Précédemment, une étude réalisée en 2020 a révélé que non seulement les vagues de chaleur ont été plus nombreuses et plus longues dans le monde au cours des 70 dernières années, mais que cette tendance s’est nettement accélérée. La région méditerranéenne, par exemple, a connu une augmentation globale de la durée des vagues de chaleur de deux jours par décennie. En examinant spécifiquement la période 1980-2017, l’équipe a constaté une augmentation de 6,4 jours de canicule par décennie. Cela suggère que la majeure partie, sinon la totalité, de l’augmentation s’est concentrée sur ces dernières décennies. Un autre rapport inquiétant a révélé que l’aggravation des vagues de chaleur pourrait tuer plus de 8 millions de personnes d’ici 2100.
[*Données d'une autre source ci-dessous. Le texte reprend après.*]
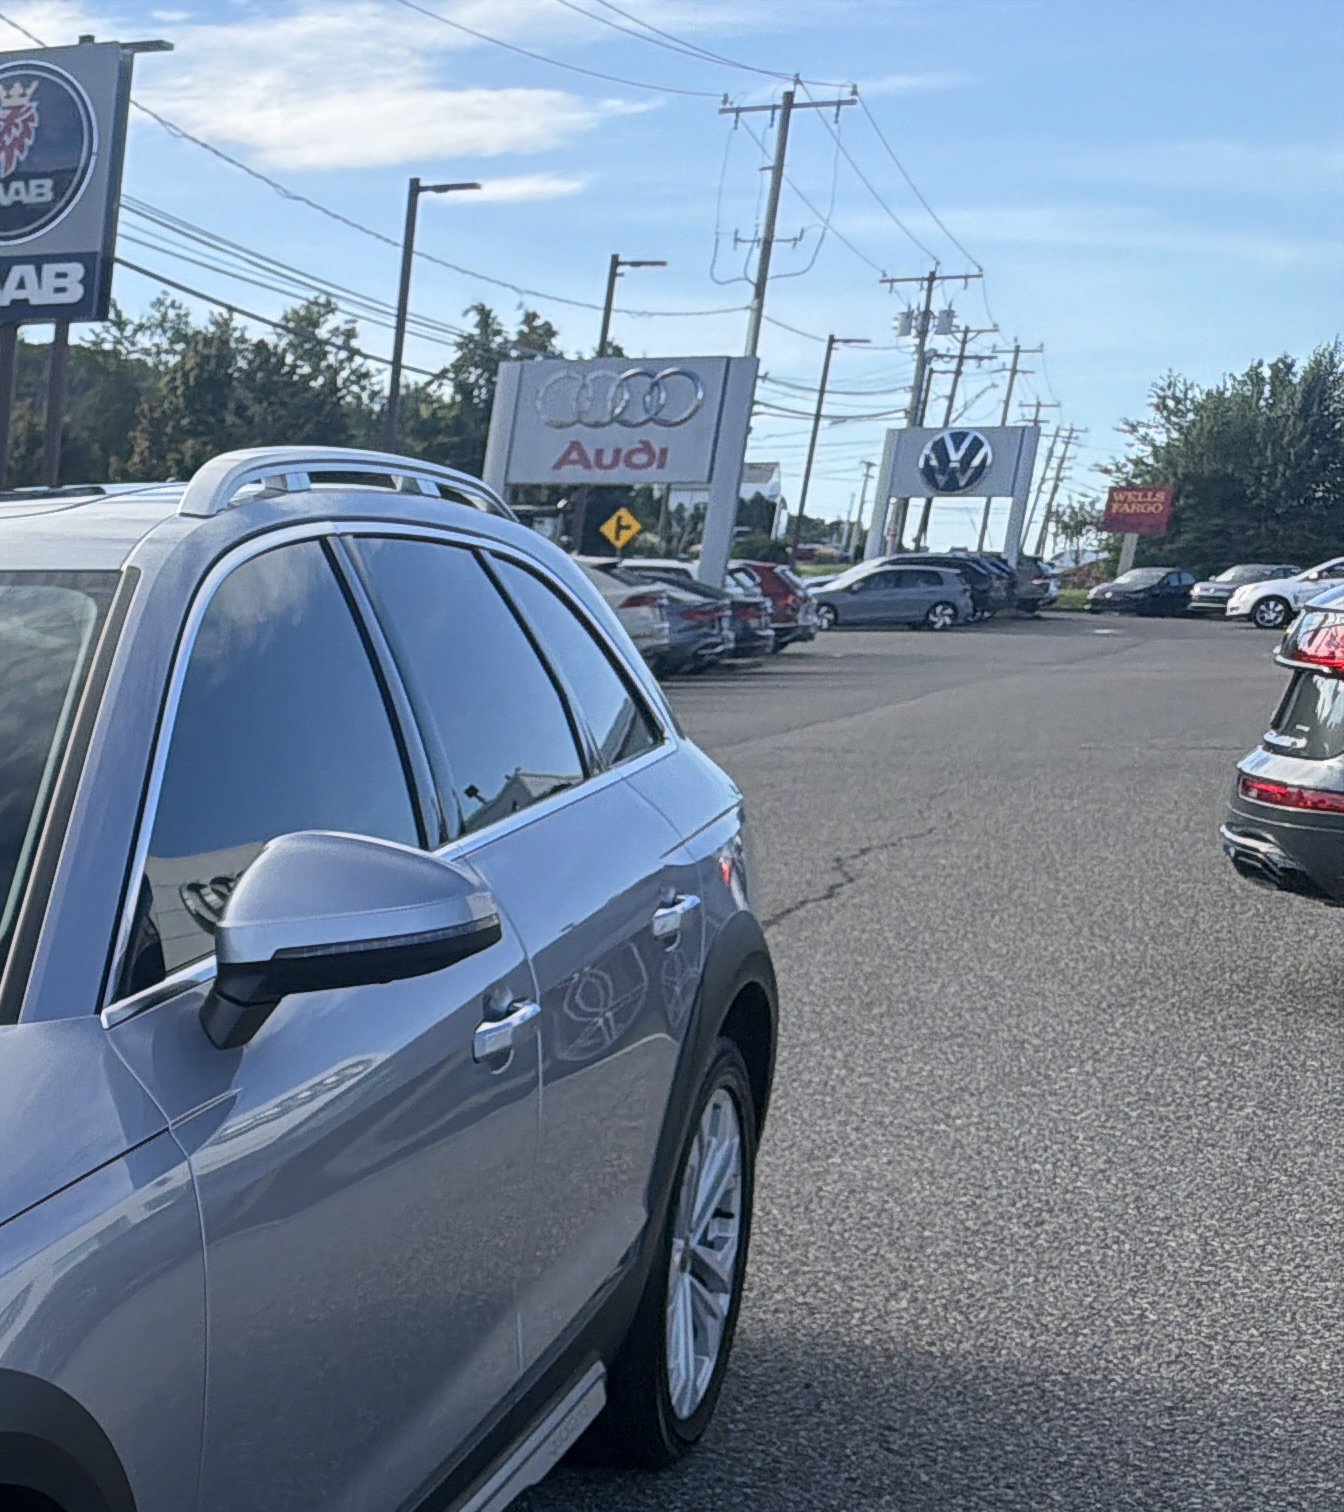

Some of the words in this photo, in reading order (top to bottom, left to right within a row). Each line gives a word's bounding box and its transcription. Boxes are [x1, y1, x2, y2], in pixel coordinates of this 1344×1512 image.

Le véritable bilan des événements liés à la chaleur dus au changement climatique est probablement fortement sous-estimé étant donné que les pays et les régions où les données manquaient sont également parmi les plus pauvres et les plus sensibles au changement climatique.
Les chercheurs de conclure :
Cela s’est produit avec une augmentation moyenne de la température mondiale de seulement ~1 °C, ce qui est inférieur aux objectifs climatiques les plus stricts définis dans l’Accord de Paris (1,5-2 °C) et une fraction de ce qui pourrait se produire si les émissions ne sont pas contrôlées. Par conséquent, nos résultats fournissent des preuves supplémentaires des avantages potentiels de l’adoption de politiques d’atténuation fortes pour réduire le réchauffement futur et de la mise en œuvre d’interventions d’adaptation pour protéger les populations des conséquences négatives de l’exposition à la chaleur.
L’étude publiée dans Nature Climate Change : The burden of heat-related mortality attributable to recent human-induced climate change et présentée sur le site du London School of Hygiene & Tropical Medicine : Global warming already responsible for one in three heat-related deaths.